Книга: Знаменитые авантюристы
Назад: Схватка с полицией
Дальше: В полумраке истории

Если бы не они…

Однажды в кабинете адвоката Ледру собралось несколько близких ему человек. Среди них — знаменитый френолог Фоссати и Видок. Знакомы они не были, больше того, никогда не виделись. Не раскрывая имени Видока, хозяин предложил френологу обследовать его голову. Ученый приступил к изучению черепа, медленно и внимательно начал пальпировать его.
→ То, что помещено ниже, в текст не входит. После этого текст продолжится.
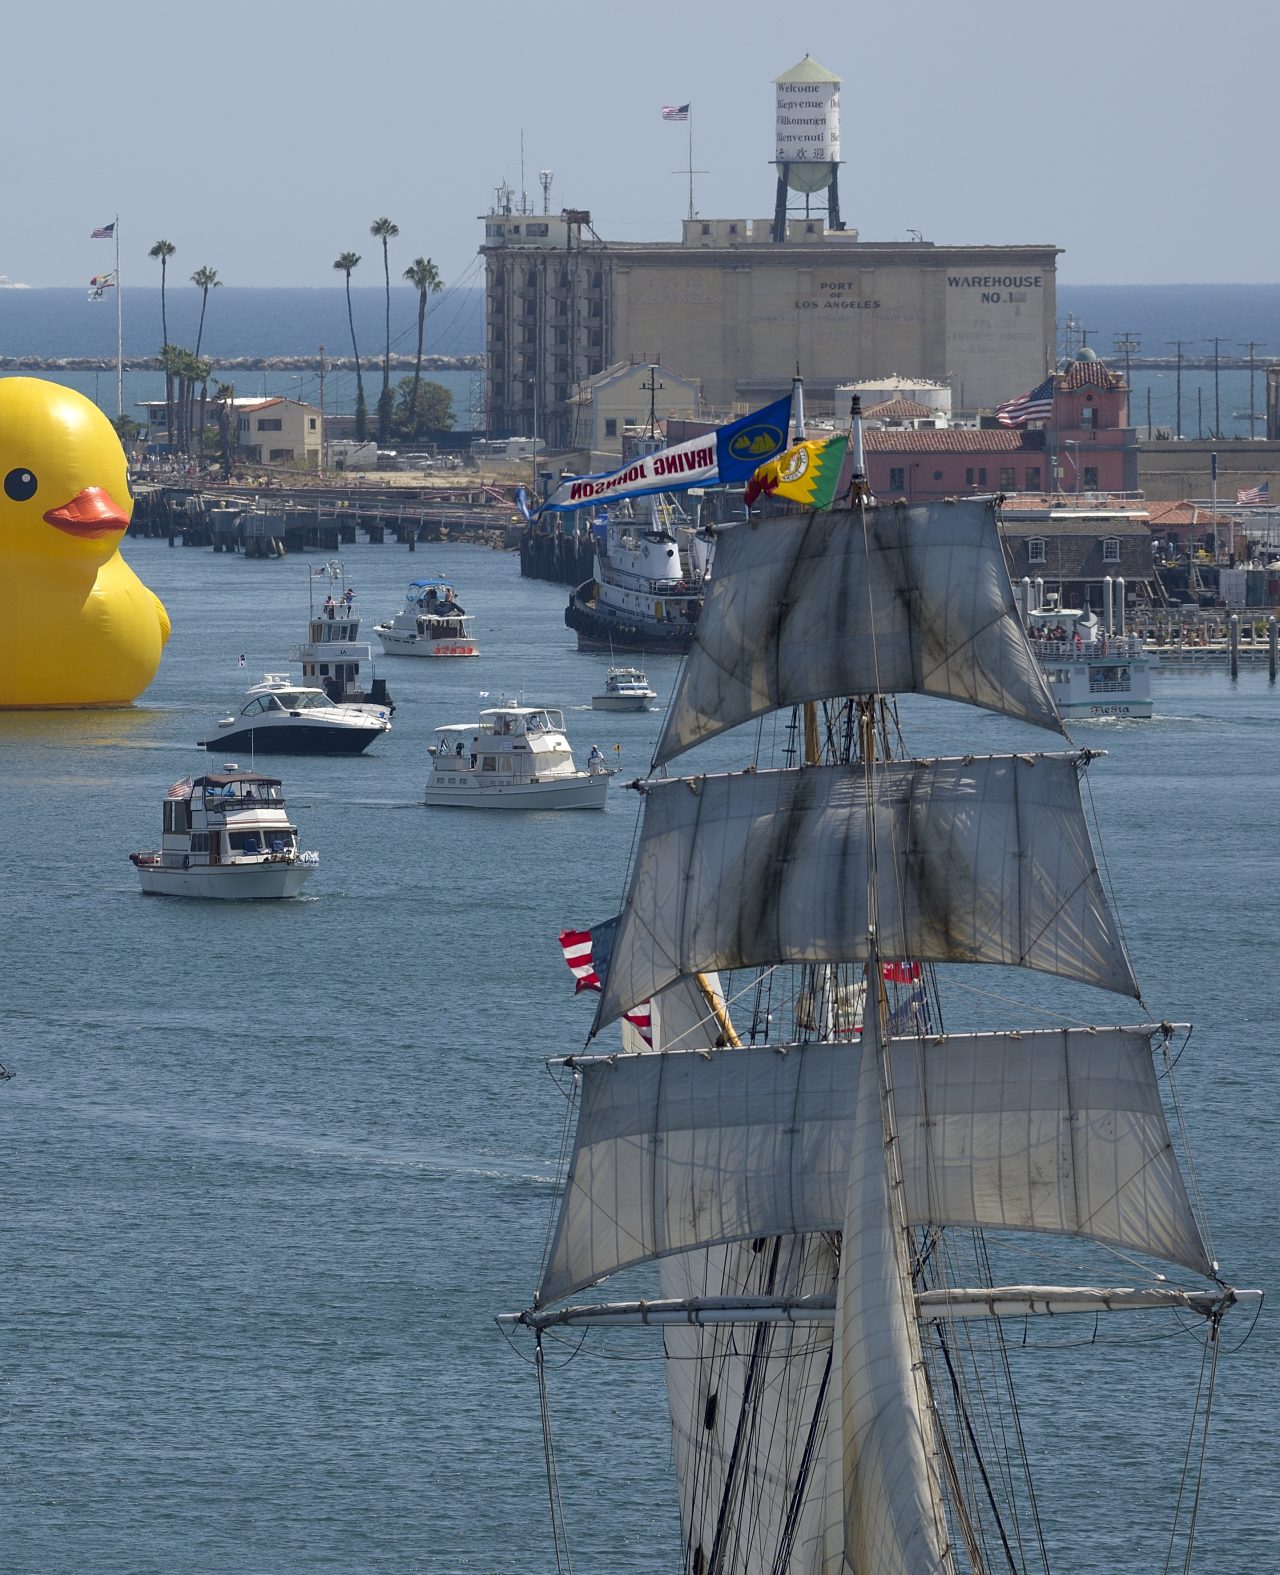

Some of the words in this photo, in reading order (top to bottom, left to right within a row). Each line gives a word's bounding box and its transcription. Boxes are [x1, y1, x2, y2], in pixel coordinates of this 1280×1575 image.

Закончив, произнес, что никогда не встречал такой головы: прекрасный, широкий лоб, превосходны все пропорции, можно сказать, четко просматриваются три качества пациента — отважного льва, тонкого дипломата и нежной сестры милосердия.
С такой характеристикой Видока согласились бы, пожалуй, многие из знавших его. Среди них и Бенжамен Аппер, известный филантроп и редактор «Журналь де призен» — издания, посвященного положению в тюрьмах и проблемах с заключенными. В его доме, где Видок частый гость, он познакомился со многими выдающимися людьми эпохи. Повстречал он здесь и знаменитого палача Сансона.
Во время обеда Видок сел по одну от него сторону, по другую — хозяин.
— Известно ли вам, — обратился Видок к гостю, — что мне частенько в прошлом приходилось обеспечивать вас работой, когда я был шефом Сюртэ?
— Да, господин Видок, это правда!
По просьбе гостей Сансон рассказал о себе. Предки его были ассенизаторами и живодерами, отец унаследовал должность от деда, тоже палача. Так уж повелось, что их дело переходило по наследству. Отцы, дядья, братья, племянники — все были палачами или их помощниками. Точно так же было и в других местах. В Нормандии на этом поприще приобрели известность семьи Ферей и Жуэн; в Шампани — Делюре; «хозяевами» Лотарингии были кланы Барре, Роши и Эрманы; в Берри и Турени — Дефурно, Брошары и Дубло. В Париже вот уже семь поколений с 1688 года, как члены семьи Сансонов являются городскими палачами. Дед его Шарль-Анри казнил самого Людовика XVI.
Как ни странно, но всем им удавалось уцелеть в самые смутные времена, когда кровь лилась рекой. Видно, без них нельзя было обойтись. Жалованья за свою работу они обычно не получали, жили за городскими стенами. Платили же им так: палач обладал правом брать себе небольшую часть от всех продуктов, привезенных на рынок. Но торговцы не хотели, чтобы к продуктам прикасалась нечистая рука, поэтому они предпочитали освобождаться от этой повинности с помощью денежной контрибуции. Со временем обычай этот, правда, исчез и город стал платить своим палачам деньгами.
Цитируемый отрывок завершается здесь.